The OIG issued a negative advisory opinion earlier this month. A DME supplier requested confirmation that providing free home oxygen before patients qualify for Medcare coverage, and overnight oximetry testing services free of charge, would not be considered illegal remuneration to a person in a position to order or purchase covered goods or services.

At first blush, one wonders why this request was ever submitted in the first place.  Most advisories conclude — unsurprisingly, based on the arrangements presented — that while the arrangement technically is not within a safe harbor, the government believes that adequate safeuards against inappropriate overutilization/remuneration are in place and so the arrangement will be permitted.  The writing of the advisory is surely influenced by the ultimate outcome already determined by the OIG, but the arrangements described in this opinion seemed particularly doomed to failure from the outset.

CMS and Congress have come down hard on the DME suppliers in general, and oxygen suppliers in particular.  (The same may be said for various state Medicaid programs as well.)   

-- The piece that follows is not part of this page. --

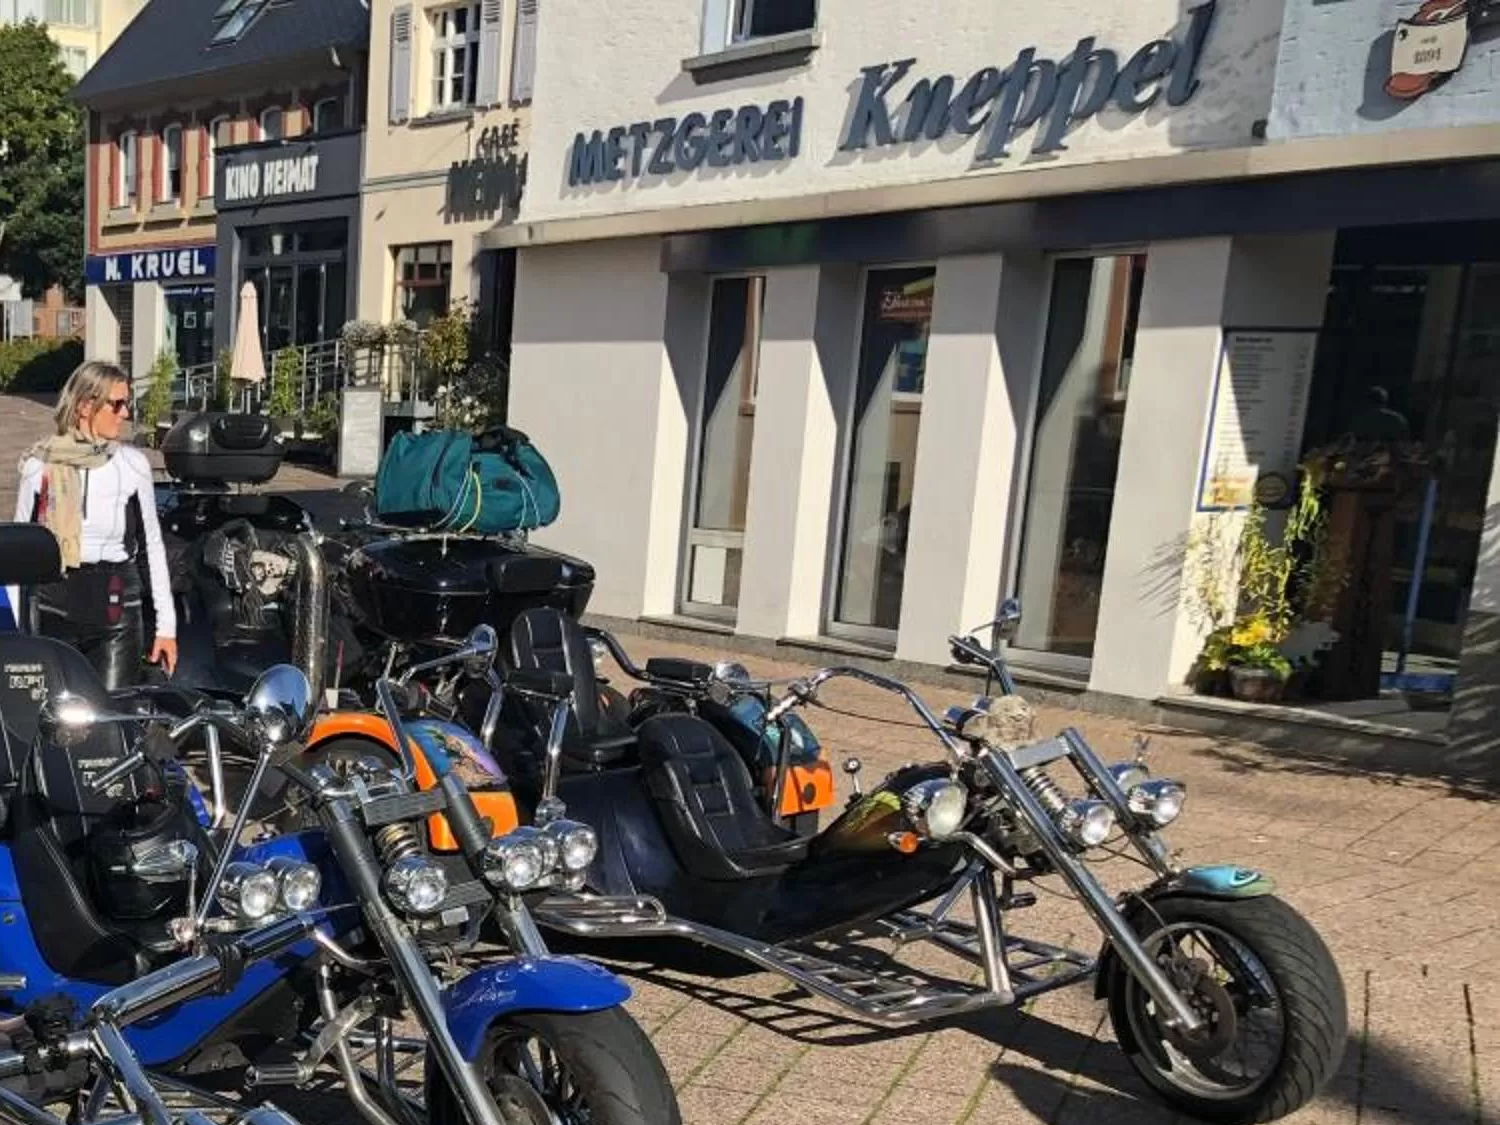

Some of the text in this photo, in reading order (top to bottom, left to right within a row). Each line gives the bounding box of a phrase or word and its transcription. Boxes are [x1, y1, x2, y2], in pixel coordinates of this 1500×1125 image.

[568, 2, 1216, 187] METZGEREI Kneppel
[225, 155, 319, 201] KINO HEIMAT
[131, 249, 206, 279] KRUEL

Consider, for example, the September OIG report on reimbursement for oxygen concentrator rentals.  Among other things, the report notes that the acquisition cost of an oxygen concentrator is under $600, yet DME suppliers are paid equipment rental payments for up to 36 months — which may total over $7,000 (beneficiary copayments may exceed $1,300 over 36 months), and which are not justified by the industry position that the apparent unreasonable profit is appropriate and is required in part to cover inflation and maintenance costs. 

The industry position is further detailed here, and includes the typical complaints that the government is using old cost data, and that the sample of beneficiaries surveyed by OIG is too small to be statistically valid and is not representative.  In addition, the implication that most, if not all, oxygen concentrators are used by beneficiaries for more than 36 months is disputed.

The OIG report notes that 25% of all Medicare DME expenditures are oxygen-related.  And while DME expense pales in comparison to inpatient hospital expenditures (the industry offers the comparison of $7 and change per diem for home oxygen, vs. $4,500+ per diem for Medicare inpatient hospital expense; the numbers may be accurate, but are they comparable?), over the years CMS has focused on provider and supplier groups whose services consume successively smaller chunks of the Medicare dollar and at the aggregate level the DME dollars are significant.

There are industry- and CMS-supported changes on the legislative agenda for the future, and with the changed face of Congress it will be interesting to see what happens.

The background helps to contextualize the advisory request (oxygen suppliers seeing themselves as being under attack), but doesn’t explain to my satisfaction the request itself. 

A better solution (which is already in place with respect to certain other covered services) — perhaps one being pursued by the industry in tandem with the advisory request — would be making determinations of medical necessity for home oxygen retroactive, so that beneficiaries who truly require home oxygen therapy may be provided the oxygen before the paperwork goes through.  Suppliers would then be at risk only for oxygen provided to those beneficiaries who do not eventually receive a finding of medical necessity.